Connective tissue activation XXXVIII: heparin/heparanase activity of human platelets resides in a high molecular weight protein, not in connective tissue activating peptide III.

Abstract

OBJECTIVE: Connective tissue activating protein-III (CTAP-III), with molecular weight 9278 Da and isoforms including CTAP-III des 1-15 (neutrophil activating peptide-2, NAP-2) and other amino terminal deletion isoforms, has been isolated from human platelets and characterized. Platelets have also been shown to possess significant heparin/heparanase activity. We investigated whether human platelet heparin/heparanase activity derives from CTAP-III. METHODS: Radial immunodiffusion measurement showed substantial amounts of CTAP-III in plasma from outdated platelet packs.
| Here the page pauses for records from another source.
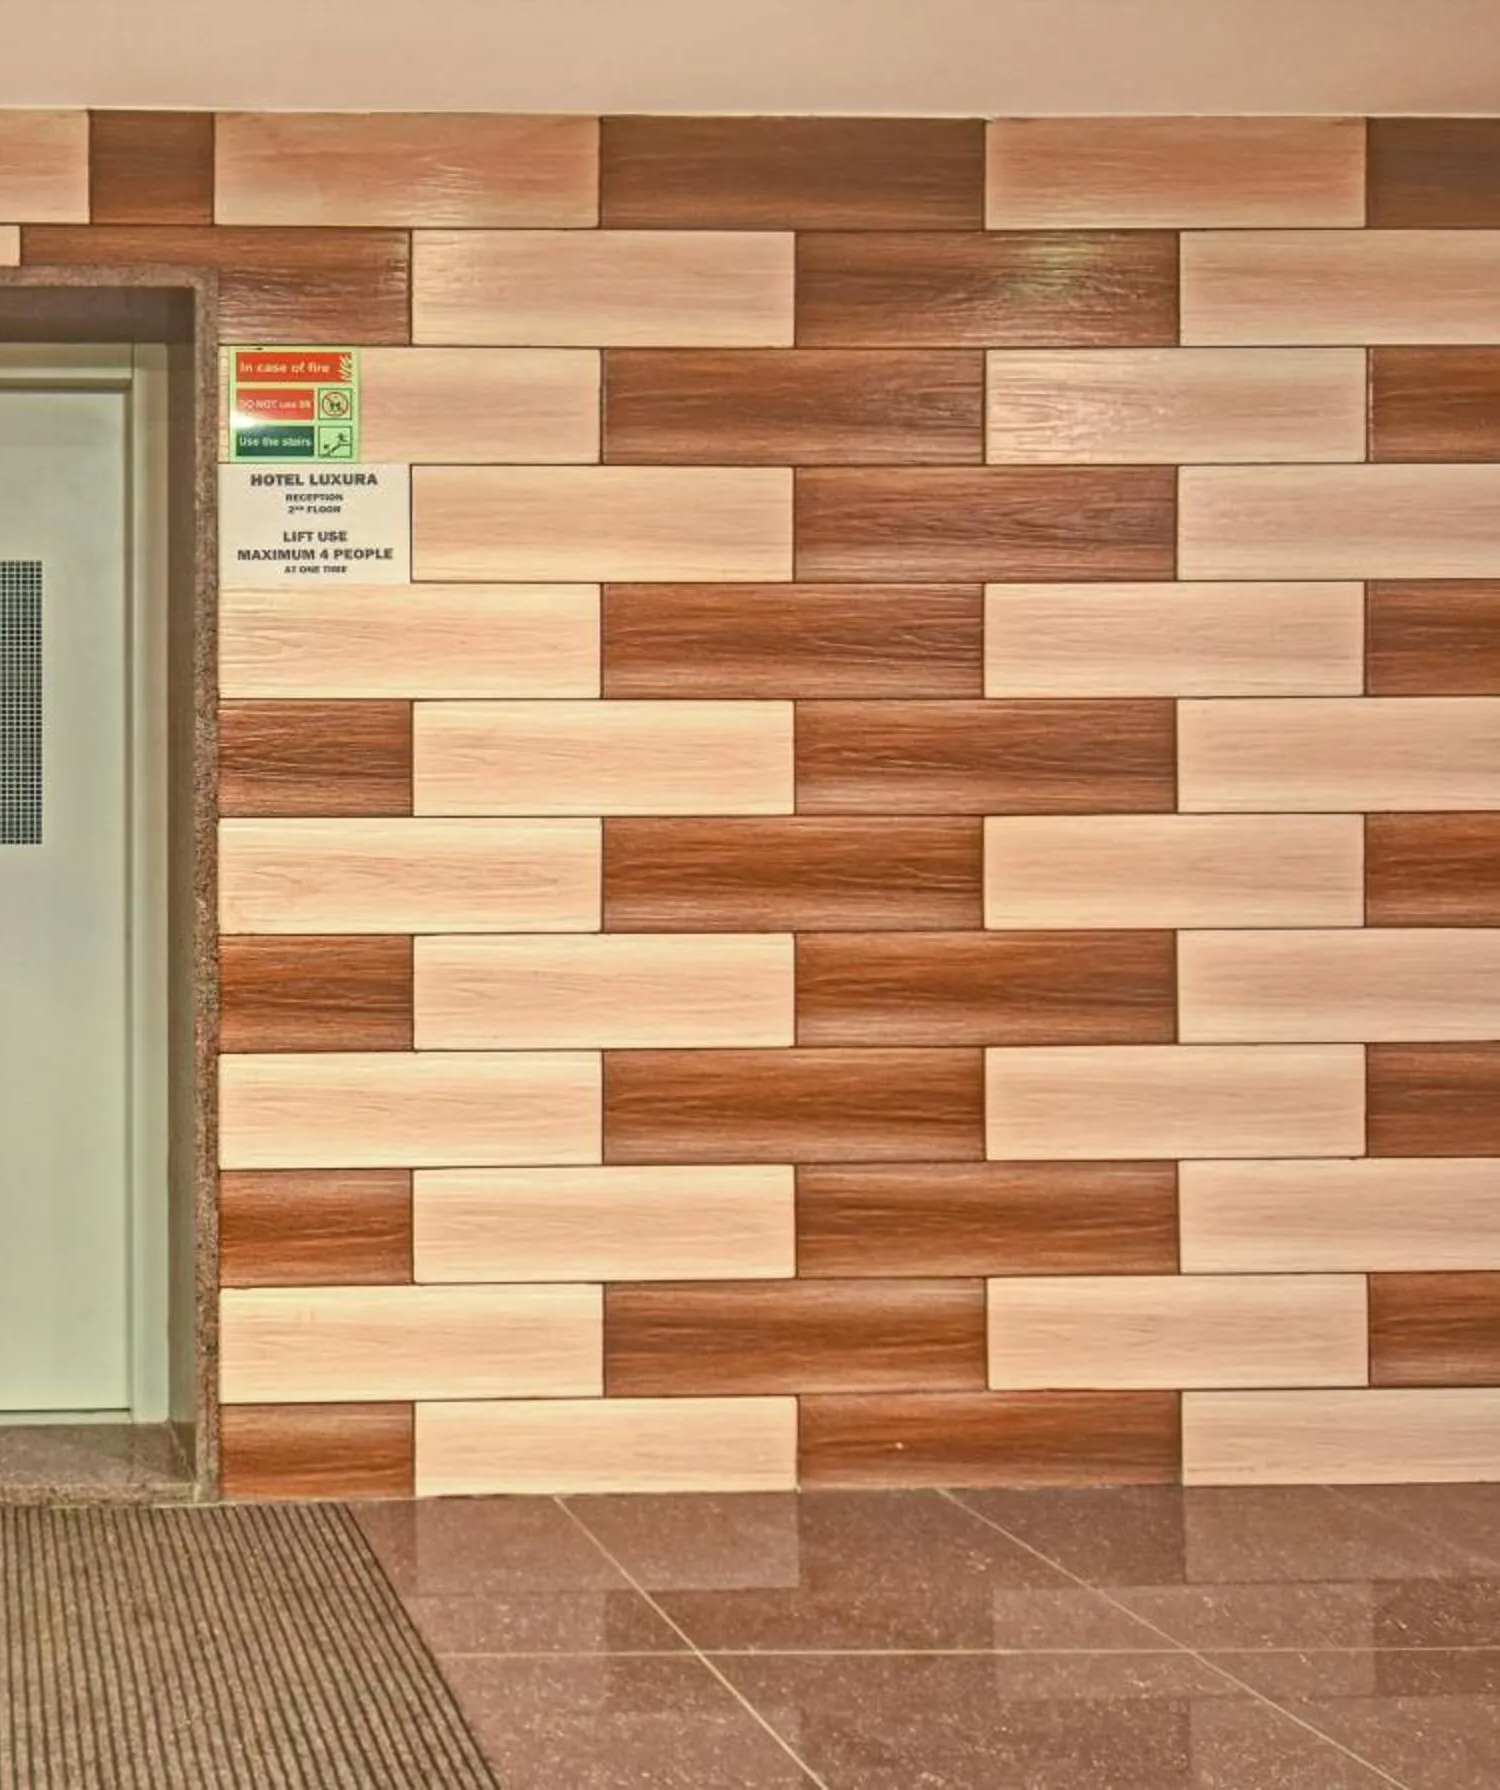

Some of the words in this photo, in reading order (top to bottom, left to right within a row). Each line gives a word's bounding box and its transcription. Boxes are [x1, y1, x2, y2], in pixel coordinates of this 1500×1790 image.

[240, 361, 253, 373] In
[256, 363, 287, 373] case
[291, 361, 305, 377] of
[307, 361, 331, 373] fire
[256, 400, 278, 409] NOT
[240, 437, 260, 447] Use
[262, 437, 279, 447] the
[250, 474, 304, 487] HOTEL
[309, 473, 378, 486] LUXURA
[285, 493, 344, 502] RECEPTION
[307, 505, 341, 514] FLOOR
[283, 531, 314, 542] LIFT
[318, 531, 347, 543] USE
[237, 549, 315, 561] MAXIMUM
[320, 549, 329, 561] 4
[333, 548, 393, 560] PEOPLE
[284, 565, 297, 574] AT
[299, 565, 320, 574] ONE
[323, 565, 347, 574] TIME
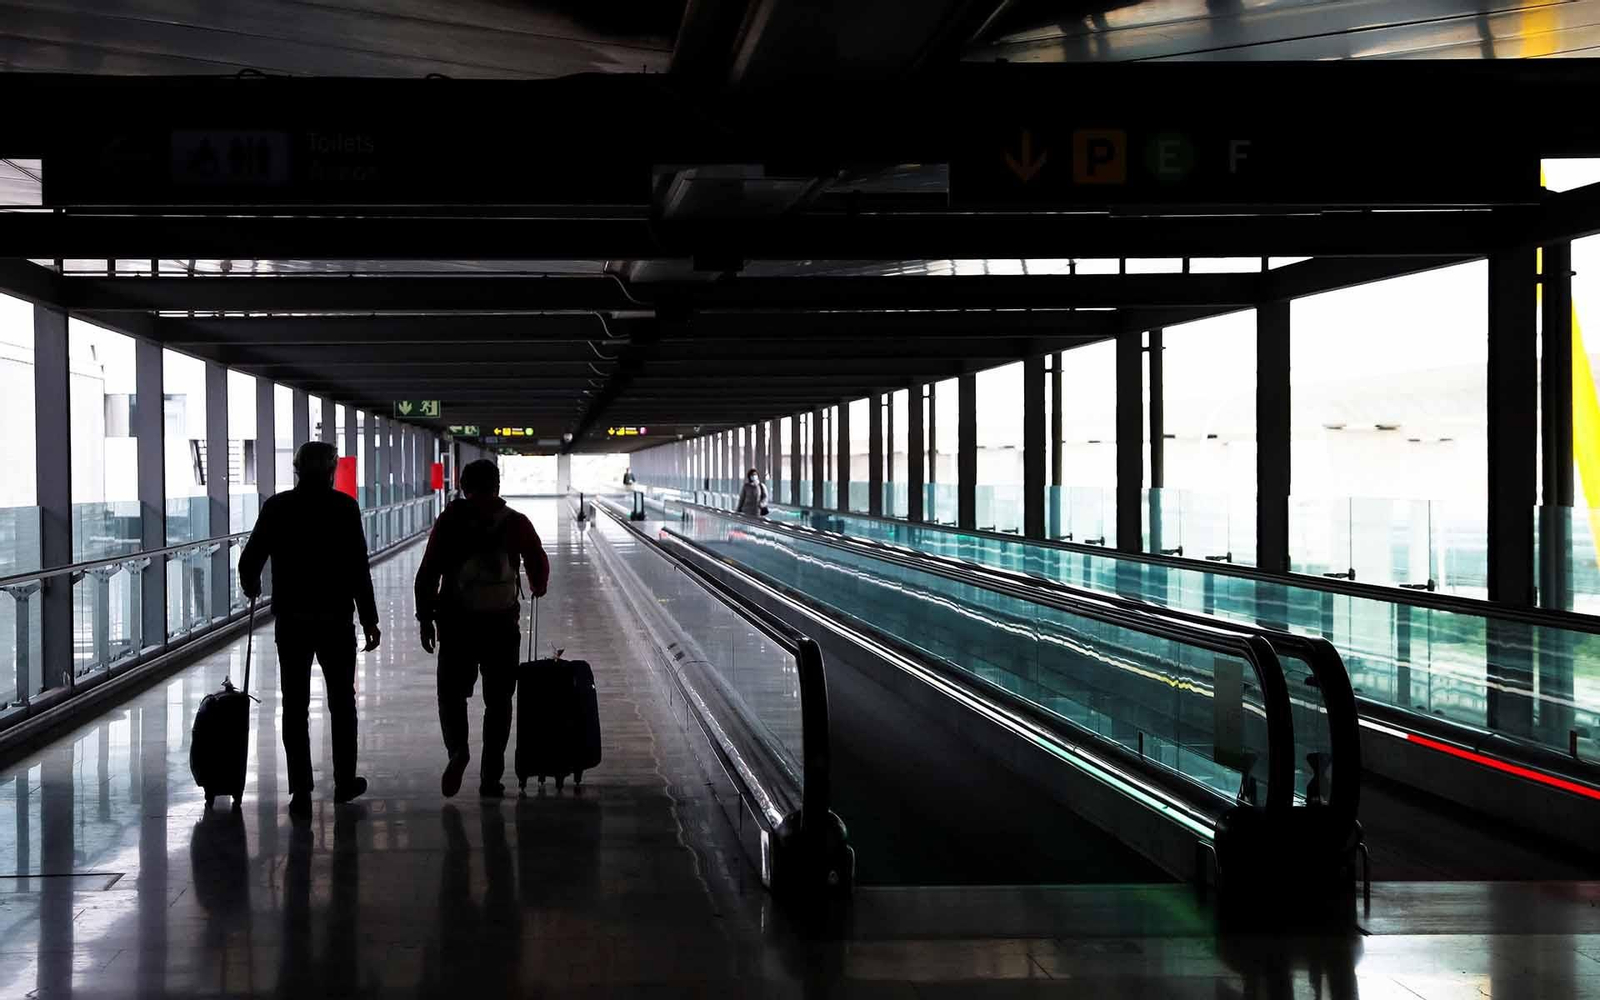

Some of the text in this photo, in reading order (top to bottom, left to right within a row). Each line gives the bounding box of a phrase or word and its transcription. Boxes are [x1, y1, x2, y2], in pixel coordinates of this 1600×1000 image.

[306, 132, 374, 153] Toilets
[1086, 138, 1252, 177] P E F
A convenient method for measurement of heparin/heparanase activity is described, and with this method platelet associated plasma was investigated for heparin/heparanase activity assayed against 3H-heparin and 35S-heparan sulfate. RESULTS: Removal of CTAP-III from platelet associated plasma with an immunospecific immunoaffinity column did not remove the heparin/heparanase activity from the plasma. Highly purified CTAP-III eluted from an immunospecific affinity column lacked heparin/heparanase activity. CONCLUSION: Human platelet heparin/heparanase activity resides not in CTAP-III but in a protein or proteins with molecular weight >/= 55 kDa.